Seems like Graphis has been around forever. I stop by the website every once in a while, normally after clicking a link in an article, or clicking through from a logo in an image search. I think to myself, oh, this is good, I should add it to the site.

Then I go back to whatever I was doing.

So a number of years later than expected, here’s a signpost to the Graphis logo archives, where a record’s kept for the likes of these, and many more.

Our Price logo Thirkell CDT Design
Our Price logo, by CDT (Carroll, Dempsey and Thirkell)

For my international readers, Our Price was a chain of record stores in the UK and Ireland.

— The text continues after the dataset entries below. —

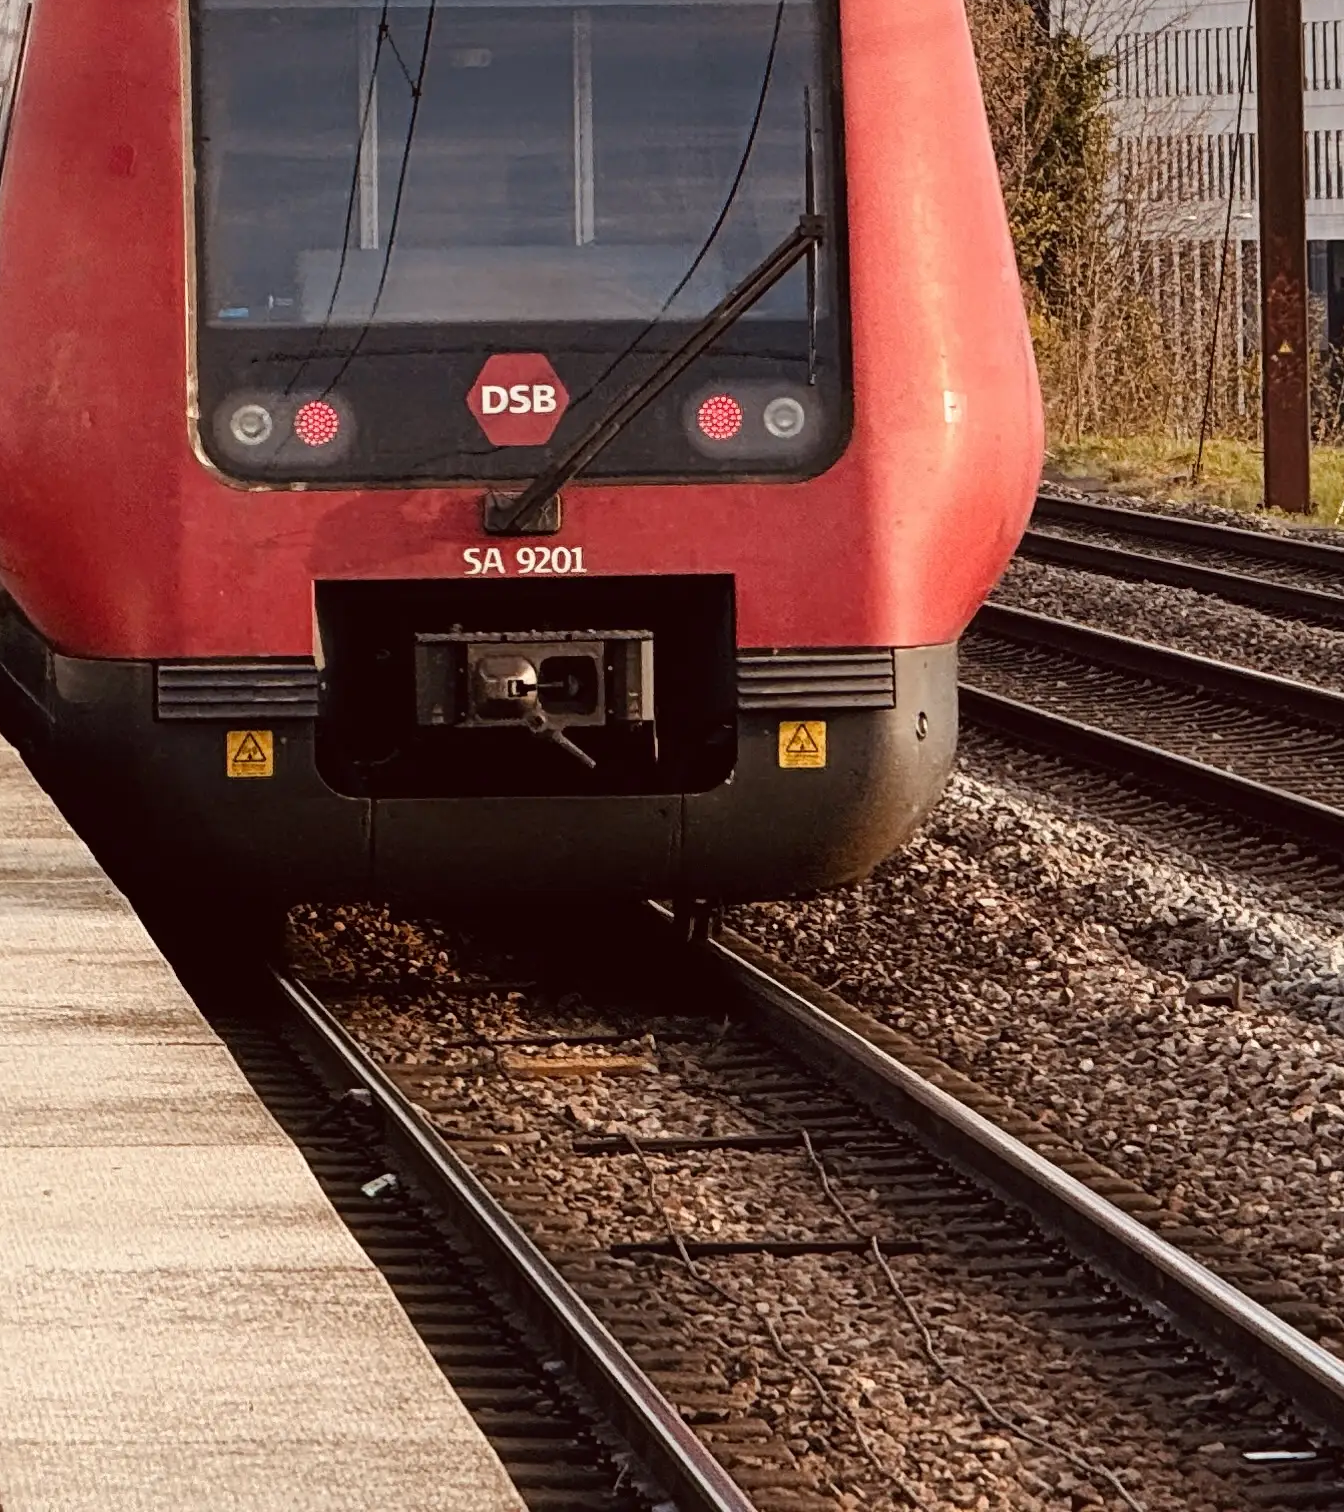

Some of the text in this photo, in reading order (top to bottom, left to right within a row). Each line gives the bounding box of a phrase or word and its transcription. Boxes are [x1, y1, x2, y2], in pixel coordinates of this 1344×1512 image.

[482, 384, 557, 415] DSB
[463, 546, 588, 575] SA 9201
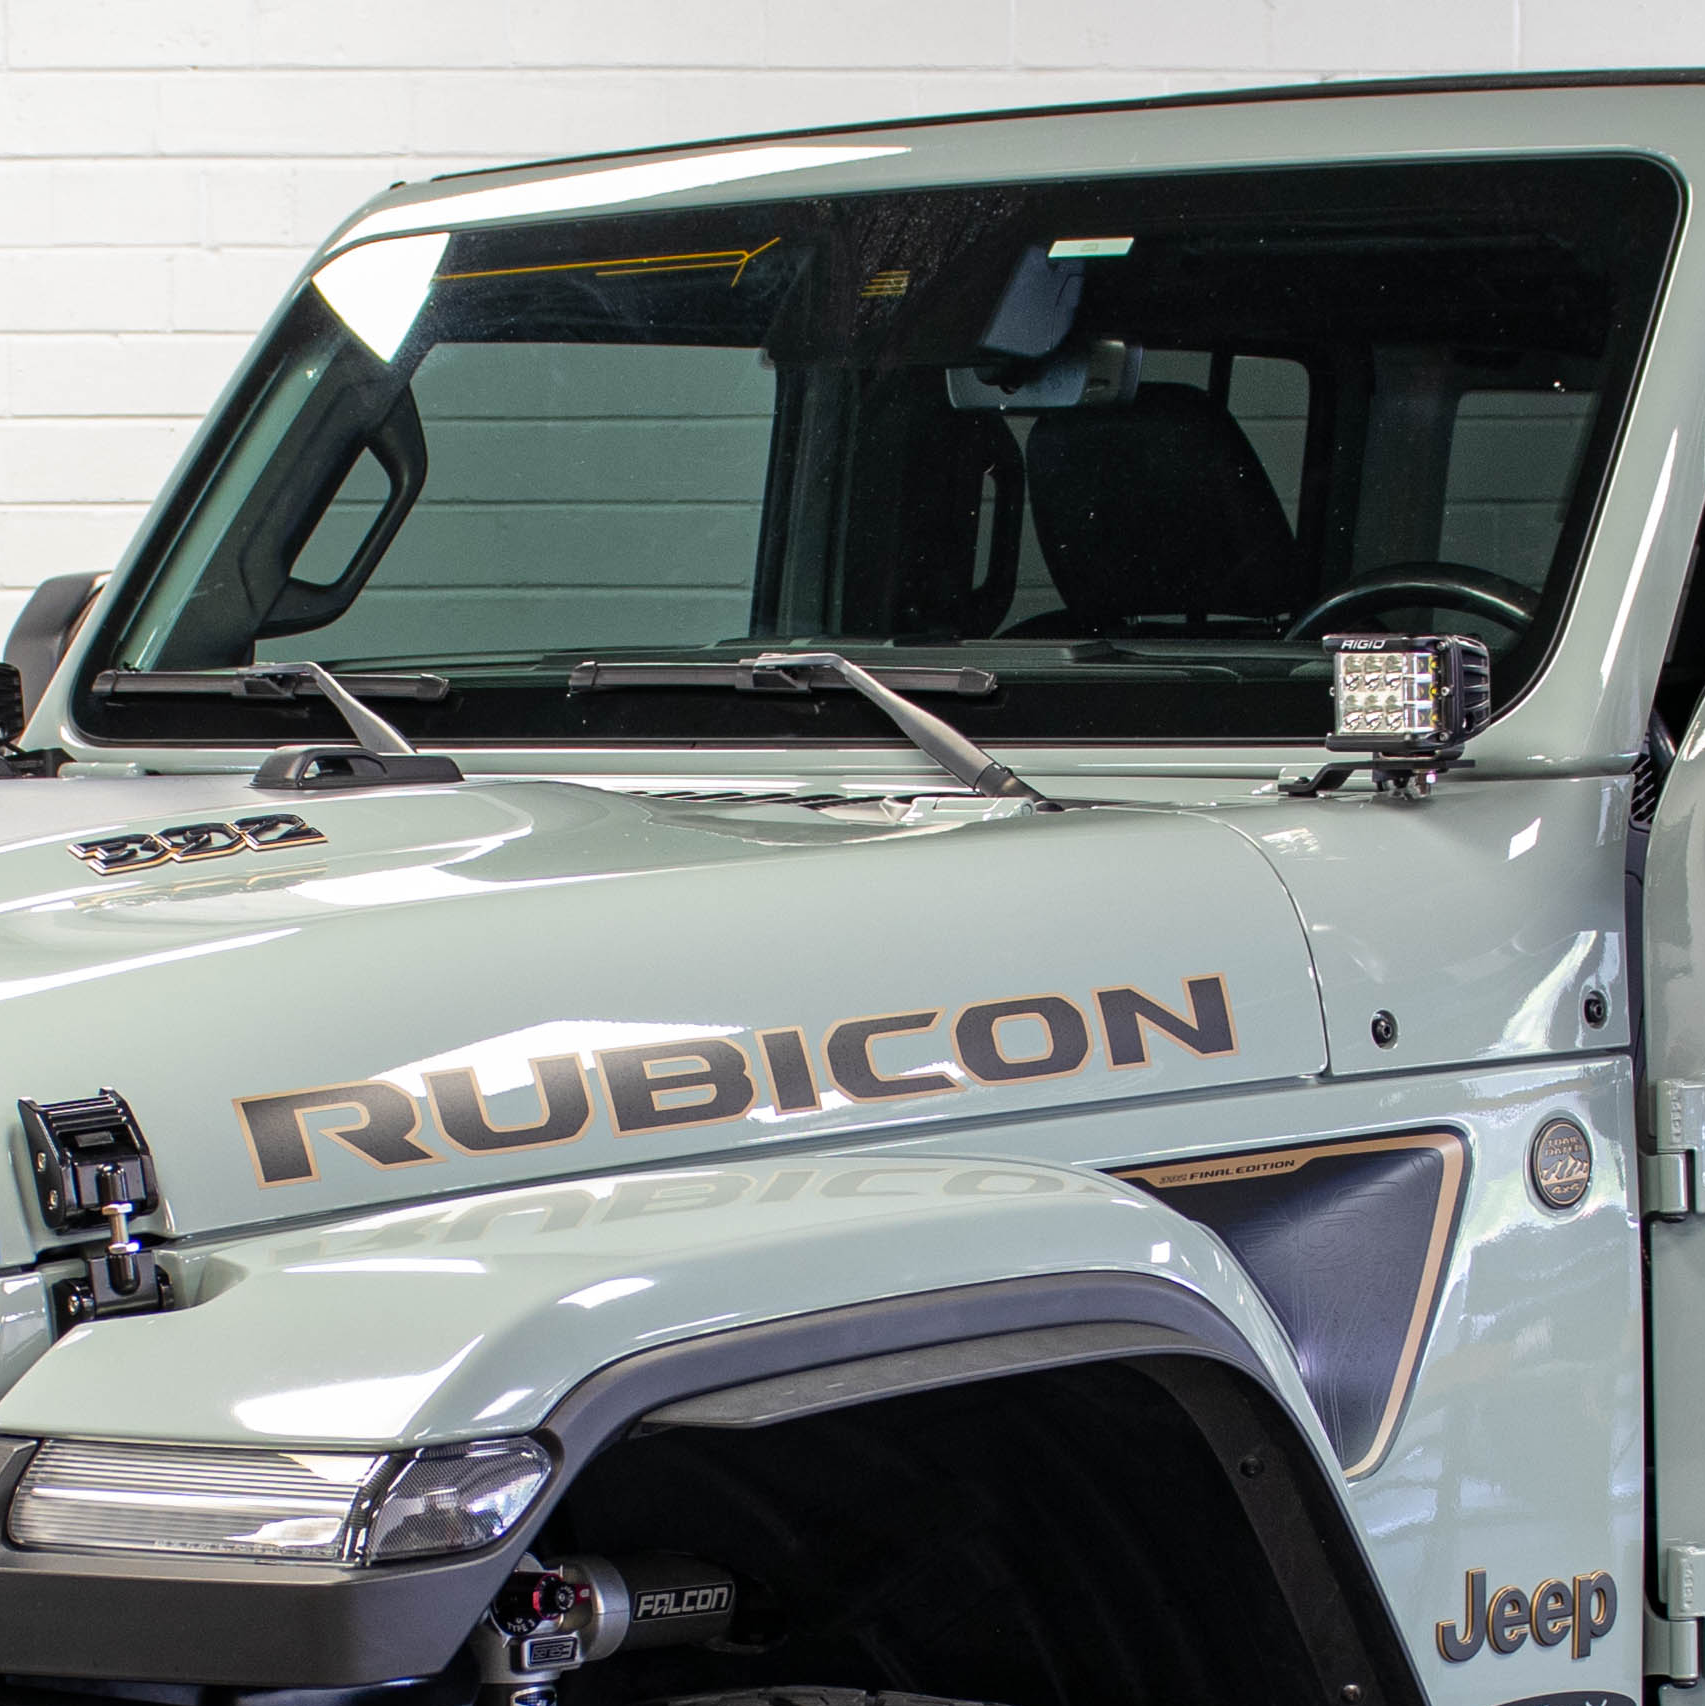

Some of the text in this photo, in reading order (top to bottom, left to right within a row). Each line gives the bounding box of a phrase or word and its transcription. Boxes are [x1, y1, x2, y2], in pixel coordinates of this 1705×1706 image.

[1341, 639, 1386, 650] RIGID
[232, 972, 1241, 1190] RUBICON
[1189, 1167, 1235, 1180] FINAL
[1235, 1159, 1295, 1174] EDITION
[636, 1586, 729, 1618] FALCON
[1435, 1567, 1618, 1663] Jeep

Endura Nail Corporation logo Mat Alancheril
Endura Nail Corporation logo, by Mat Alancheril
British Railways logo Design Research Unit
British Railways logo, by Design Research Unit
Murray Piano Services logo Mike Meadus
Murray Piano Services logo, by Mike Meadus
Academie de Musique logo Alain Rochon
Academie de Musique logo, by Alain Rochon
Yale Mountaineering Club logo Ian Jamieson
Yale Mountaineering Club logo, by Ian Jamieson
Asel Art Center logo Woody Pirtle
Asel Art Center logo, by Woody Pirtle

Some previously featured Woody Pirtle logos.

Decimal logo Samuel Kuo
Decimal logo, by Samuel Kuo
Lazar Greenhouses logo Alvaro Perez
Lazar Greenhouses logo, by Alvaro Perez

Of course, it’s not just logos on show. Graphis has a respected award program for posters, annual reports, photography, advertising, and more. One of my favourite studios, Baxter & Bailey (their Little Green Pig logo makes me smile), just picked up this trophy for a series of posters.

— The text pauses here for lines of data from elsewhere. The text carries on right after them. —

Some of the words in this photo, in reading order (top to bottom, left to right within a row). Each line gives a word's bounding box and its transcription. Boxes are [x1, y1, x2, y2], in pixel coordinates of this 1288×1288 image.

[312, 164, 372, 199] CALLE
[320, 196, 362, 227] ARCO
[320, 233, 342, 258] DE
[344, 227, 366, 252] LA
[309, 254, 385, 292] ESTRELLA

Graphis poster design award Baxter Bailey
The Graphis’ “G” trophy

That’s a nice trophy.

Graphis also publishes books and magazines on design, communication, and the arts, with a vast archive dating back to 1944 when it was founded in Switzerland by Walter Herdeg and Dr Walter Amstutz.

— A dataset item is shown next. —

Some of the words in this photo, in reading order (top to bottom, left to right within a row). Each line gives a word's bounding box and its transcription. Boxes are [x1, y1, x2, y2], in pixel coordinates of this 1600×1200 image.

In 1986, the company was sold to B Martin Pedersen, and a few years later, the headquarters were relocated from Zürich to New York City.

Graphis. Worth another look.


A couple of true classics here. The beauty in simplicity of the Endura Nail Corporation logo, yet I wouldn’t be surprised if it got rejected in more modern times through a simple “but how does it scale” comment.